It’s a new month and nothing will make things worse than reading your Horrorscope. Some of these Horrorscopes might actually happen and if it’s you… that really sucks, but hey; it’s your life and who cares!
Aquarius: January 20-February 18
Hey it’s your birthday! You’ll get two gifts in the mail: a jar of wrinkle cream and an ad from a funeral home.
Pisces: February 19-March 20
The Force is with you. A kid will look at you, scream and then run away yelling “Chewbacca!”
Aries: March 21-April 19
This week, like every other week; you’ll have to listen to people addicted to sex. Funny thing is, you have to treat people for something you’ve never had.
Taurus: April 20-May 20
You’ll soon learn that your new Roomba smears dog shit all over the kitchen floor.
Gemini: May 21-June 21
Desperate for work, you’ll go into a shop and ask the owner if he has any jobs to fill.

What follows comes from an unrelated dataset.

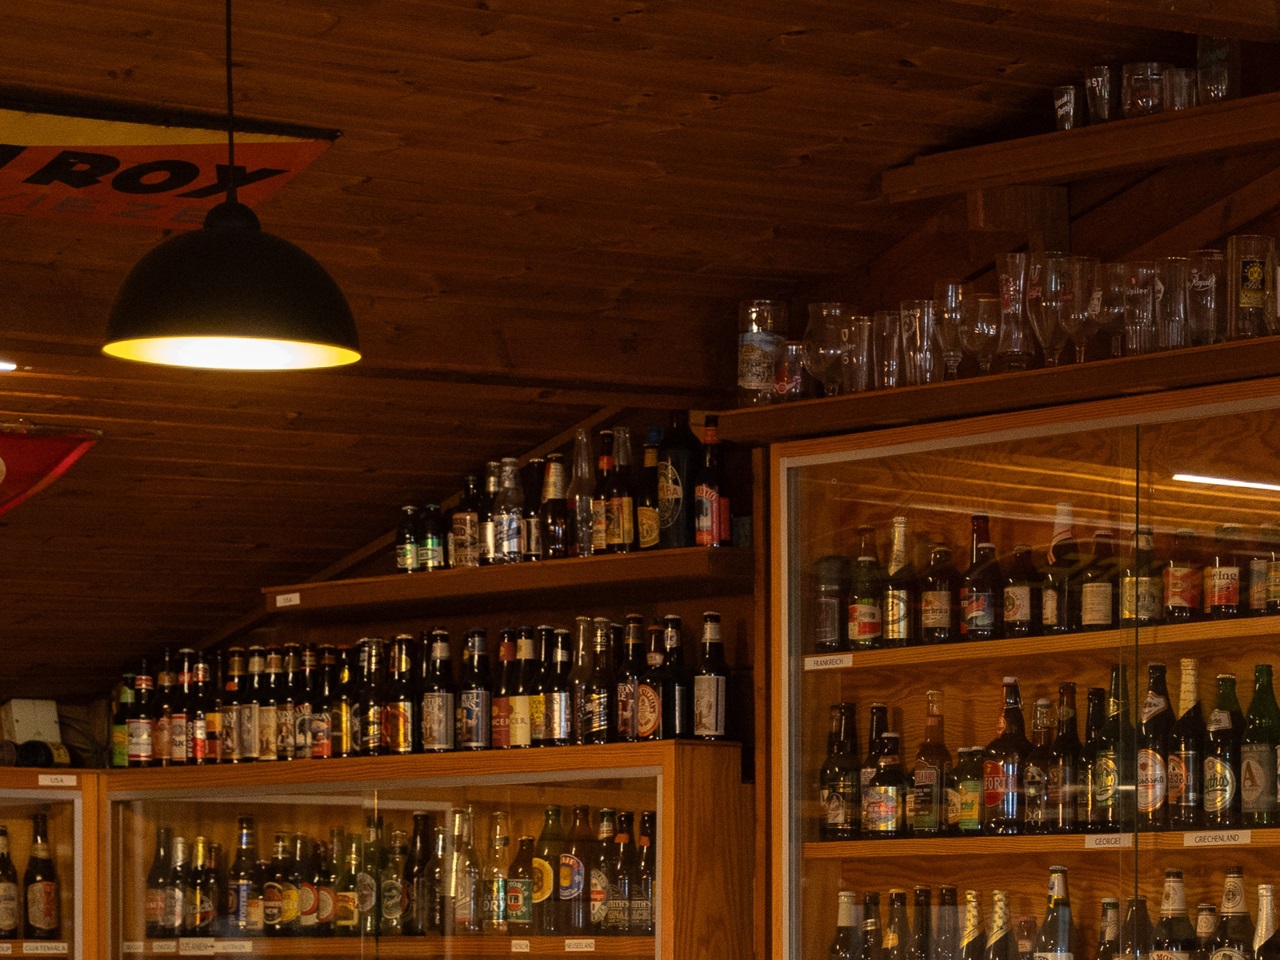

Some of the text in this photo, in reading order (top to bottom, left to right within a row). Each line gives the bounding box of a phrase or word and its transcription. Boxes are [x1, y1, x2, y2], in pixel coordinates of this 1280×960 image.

[22, 150, 290, 199] ROX
[812, 658, 844, 668] FRANKREICH
[1194, 834, 1241, 845] GRIECHENLAND

He’ll look you up and down and reply, “Yes, but not for people like…you.”
Cancer: June 22-July 22
You’ll get reprimanded from your boss for saying “It’s a stab in the dark.” According to him it’s a gay euphemism for anal sex.
Leo: July 23-August 22
Have fun explaining your new nickname: “CumFart.”
Virgo: August 23-September 22
You’ll return from your two-week vacation only to discover that your roommate has been shitting in the bathtub while you’ve been gone.

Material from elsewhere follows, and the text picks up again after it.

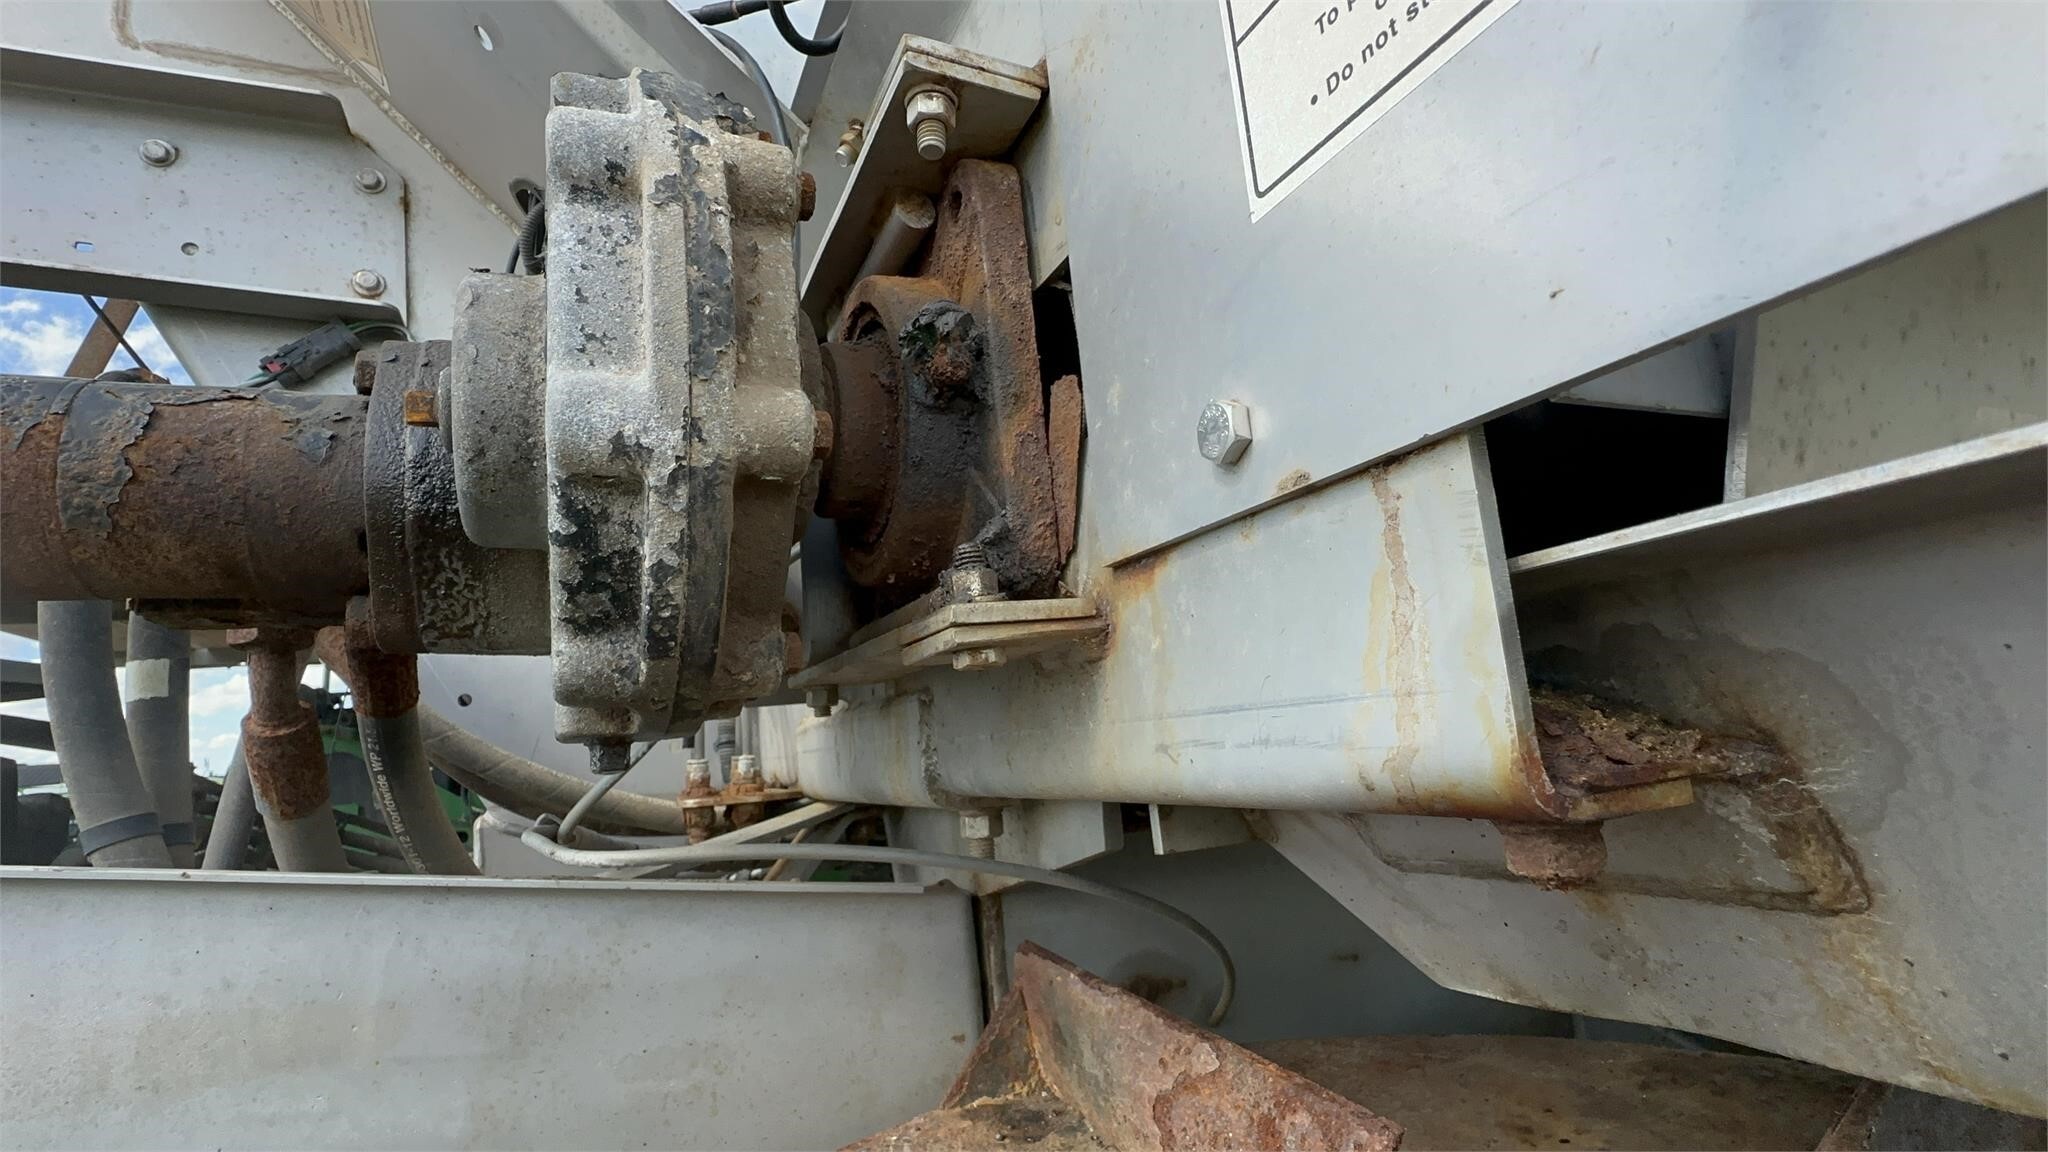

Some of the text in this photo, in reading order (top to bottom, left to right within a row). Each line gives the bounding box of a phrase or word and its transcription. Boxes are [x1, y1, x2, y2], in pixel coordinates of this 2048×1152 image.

Libra: September 23-October 22
While trying to show your family a cool website your porn instincts will kick in as you accidentally type in the address to your favorite site.
Scorpio: October 23-November 21
Your boss will notice the McDonald’s bag on your desk and casually mention how it smells like your future.
Sagittarius: November 22-December 21
The stars advise that you shouldn’t take the risks that you want to take for the next three months or so.
Capricorn: December 22-January 19
After standing in front of the bathroom mirror it soon will become very clear that you now see the missing link between primates and humans.